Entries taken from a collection
= = =
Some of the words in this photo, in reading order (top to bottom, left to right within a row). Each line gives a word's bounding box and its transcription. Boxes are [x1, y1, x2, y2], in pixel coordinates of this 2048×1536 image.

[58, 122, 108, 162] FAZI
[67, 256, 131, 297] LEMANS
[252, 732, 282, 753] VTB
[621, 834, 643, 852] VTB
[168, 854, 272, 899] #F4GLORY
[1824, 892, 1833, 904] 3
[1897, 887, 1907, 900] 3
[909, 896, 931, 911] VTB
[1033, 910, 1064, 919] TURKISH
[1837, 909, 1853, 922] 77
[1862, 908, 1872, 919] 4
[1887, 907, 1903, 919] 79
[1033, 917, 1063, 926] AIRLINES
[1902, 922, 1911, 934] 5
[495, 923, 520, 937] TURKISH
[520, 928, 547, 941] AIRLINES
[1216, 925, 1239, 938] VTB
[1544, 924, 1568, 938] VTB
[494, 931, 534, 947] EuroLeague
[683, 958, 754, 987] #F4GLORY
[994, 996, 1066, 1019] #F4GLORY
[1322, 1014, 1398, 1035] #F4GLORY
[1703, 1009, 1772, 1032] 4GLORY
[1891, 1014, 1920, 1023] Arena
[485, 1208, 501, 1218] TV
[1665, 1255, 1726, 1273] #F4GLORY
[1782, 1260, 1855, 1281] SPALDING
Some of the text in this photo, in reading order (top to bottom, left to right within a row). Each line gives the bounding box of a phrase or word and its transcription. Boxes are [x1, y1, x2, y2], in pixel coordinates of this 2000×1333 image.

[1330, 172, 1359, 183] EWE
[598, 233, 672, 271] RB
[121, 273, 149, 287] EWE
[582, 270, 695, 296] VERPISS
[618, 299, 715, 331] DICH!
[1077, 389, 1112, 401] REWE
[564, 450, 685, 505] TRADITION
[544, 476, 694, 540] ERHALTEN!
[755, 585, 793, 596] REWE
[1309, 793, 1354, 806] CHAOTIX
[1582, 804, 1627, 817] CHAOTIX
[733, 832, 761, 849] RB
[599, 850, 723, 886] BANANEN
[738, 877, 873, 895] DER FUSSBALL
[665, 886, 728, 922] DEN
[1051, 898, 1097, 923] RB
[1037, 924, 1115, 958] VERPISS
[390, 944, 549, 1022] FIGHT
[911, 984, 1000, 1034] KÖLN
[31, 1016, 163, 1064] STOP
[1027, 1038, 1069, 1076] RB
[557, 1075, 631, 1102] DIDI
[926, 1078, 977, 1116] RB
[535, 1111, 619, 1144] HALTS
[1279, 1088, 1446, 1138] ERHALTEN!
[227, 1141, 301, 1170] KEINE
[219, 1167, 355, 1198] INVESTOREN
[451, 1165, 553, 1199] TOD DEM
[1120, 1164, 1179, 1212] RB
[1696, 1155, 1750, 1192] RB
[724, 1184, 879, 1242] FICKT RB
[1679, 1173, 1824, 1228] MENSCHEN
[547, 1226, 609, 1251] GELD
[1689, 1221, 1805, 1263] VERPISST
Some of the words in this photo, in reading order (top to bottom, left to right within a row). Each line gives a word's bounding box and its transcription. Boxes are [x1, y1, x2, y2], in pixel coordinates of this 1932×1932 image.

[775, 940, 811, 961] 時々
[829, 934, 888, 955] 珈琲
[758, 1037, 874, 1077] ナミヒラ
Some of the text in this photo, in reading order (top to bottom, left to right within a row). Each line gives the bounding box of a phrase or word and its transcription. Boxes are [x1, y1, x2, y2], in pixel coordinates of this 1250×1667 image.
= = =
» **Your goal**: Your response should hold only an exact copy of the lines above, from the one containing "this 1932×1932 image." through the end of the entries.

» **Solution for this exercise**:
Some of the words in this photo, in reading order (top to bottom, left to right within a row). Each line gives a word's bounding box and its transcription. Boxes are [x1, y1, x2, y2], in pixel coordinates of this 1932×1932 image.

[775, 940, 811, 961] 時々
[829, 934, 888, 955] 珈琲
[758, 1037, 874, 1077] ナミヒラ
Some of the text in this photo, in reading order (top to bottom, left to right within a row). Each line gives the bounding box of a phrase or word and its transcription. Boxes are [x1, y1, x2, y2], in pixel coordinates of this 1250×1667 image.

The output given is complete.